The new National Climate Assessment released by the government this week makes it clear – the effects of climate change are already being felt in every region of the United States and this is just the beginning. From more severe storms in the eastern U.S. to more drought and wildfires in the Southwest, we are already reaping what we’ve sown with unabated carbon and methane emissions. The Assessment, which brought together hundreds of experts, is more than just a static report. It is also an interactive website that helps viewers home in on the specific climate effects for each region, with accompanying impacts outlined for regional economies. Think about corn production in Iowa, maple syrup tapping in Vermont or oyster harvesting in Washington State.
From an educational standpoint, the Assessment brings the issues of climate change to where we live and what’s important to us. Polar bears in the Arctic or sea level rise in the South Pacific may seem very remote to our everyday lives. But here’s why Americans should be paying attention to climate change warnings: more than 50 percent of the U.S. population live in coastal countries and many of those counties are in low-lying areas that are already susceptible to increased flooding; longer hotter summers bring more allergens and asthma; more droughts and wildfires are already affecting homes, farms and ranches. The list goes on.

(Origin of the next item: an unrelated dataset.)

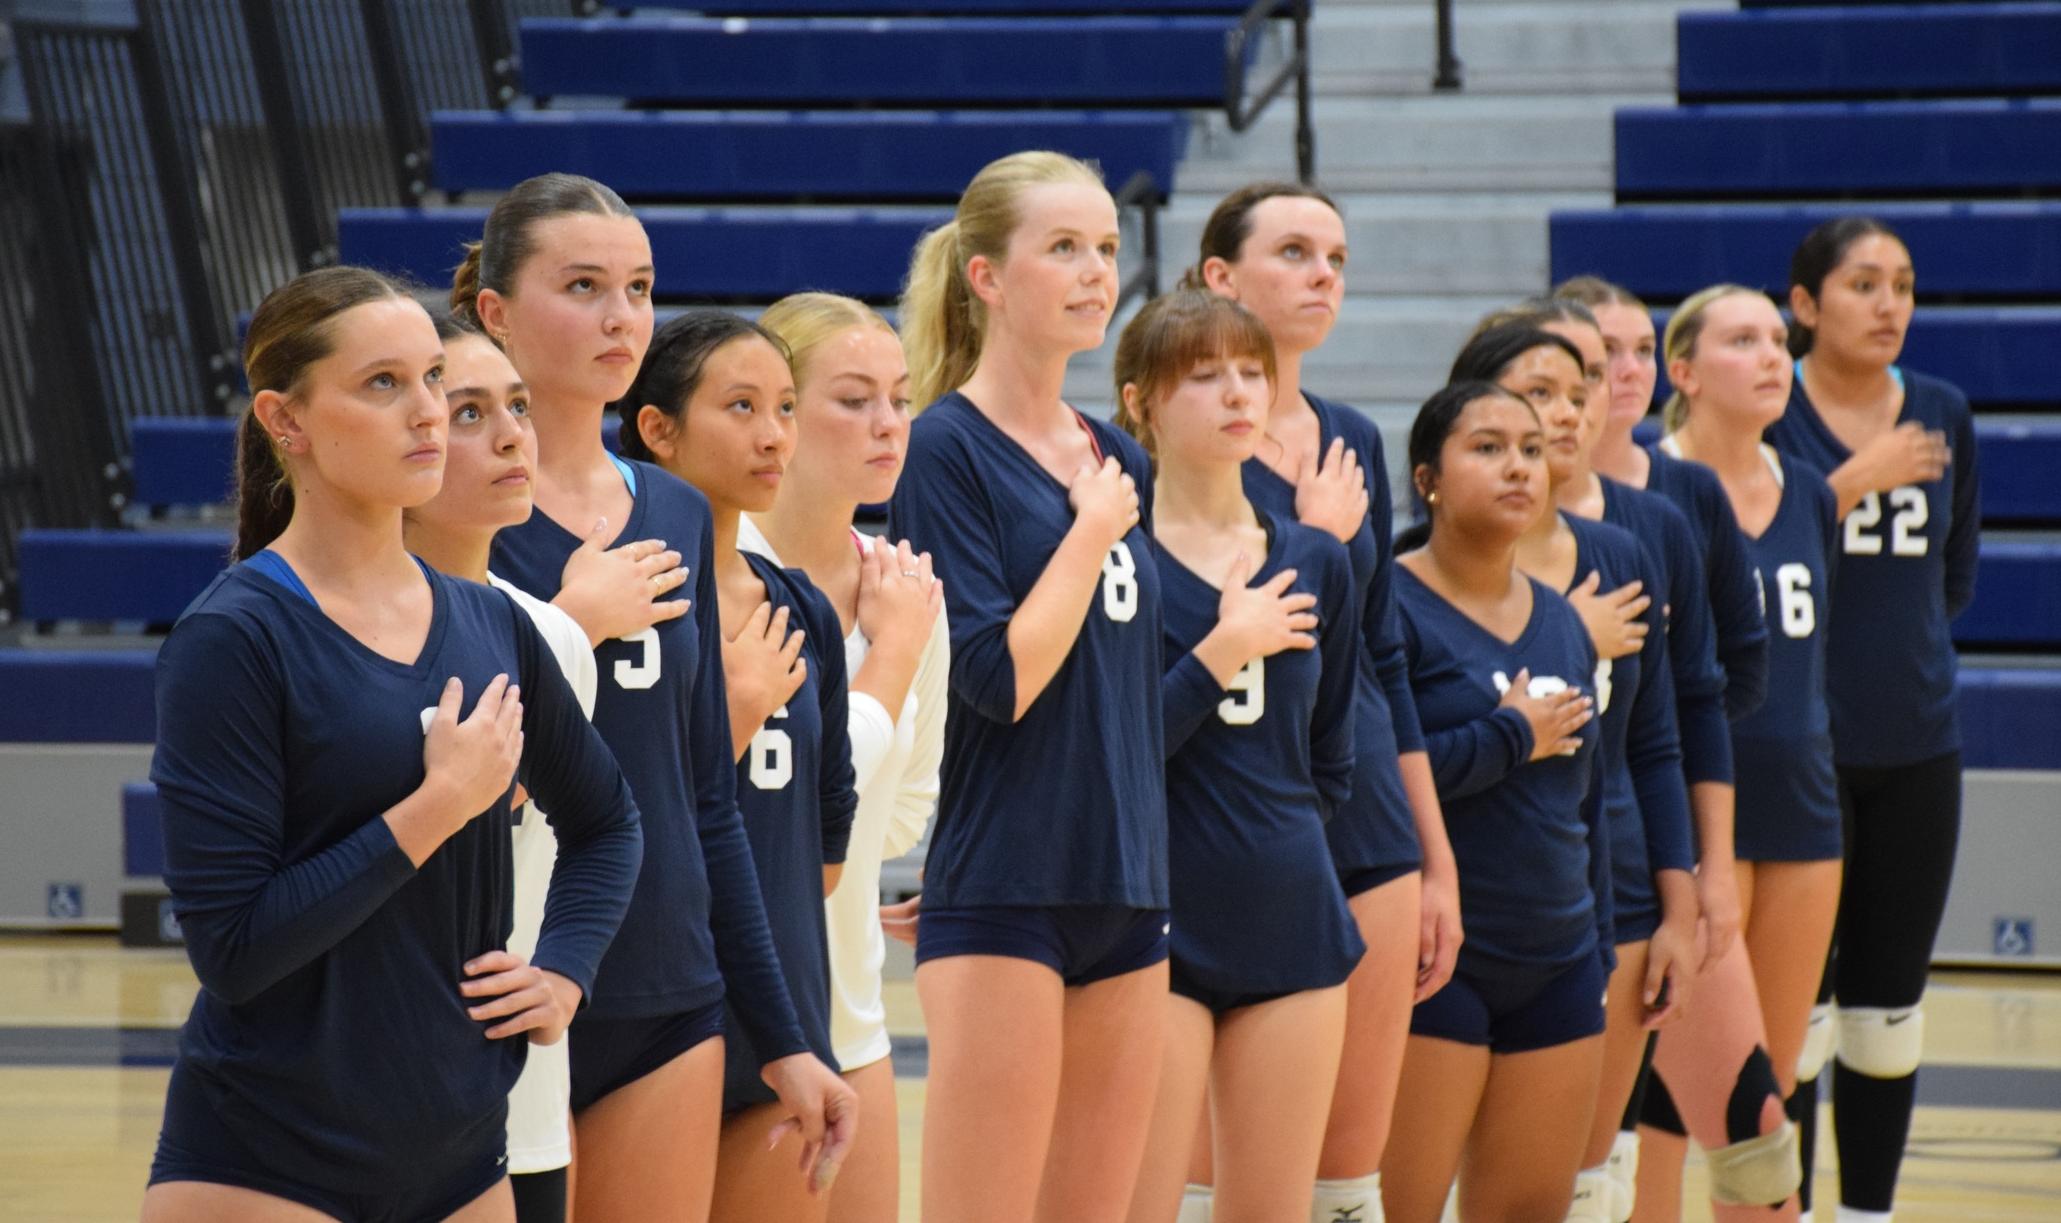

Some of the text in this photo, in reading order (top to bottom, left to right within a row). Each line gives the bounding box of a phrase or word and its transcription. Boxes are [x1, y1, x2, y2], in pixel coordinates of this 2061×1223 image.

Have your students check out the report. Then consider some solution-oriented classroom activities like those in the Energy or Climate Change units of Earth Matters. And while we can’t turn the clock back on carbon emissions, we can still affect the future climate by our actions. Share with students the winning videos produced by high school students in the Climate Change category of this year’s World of 7 Billion Video Contest for ideas for effective messaging on a critical issue we should all care about.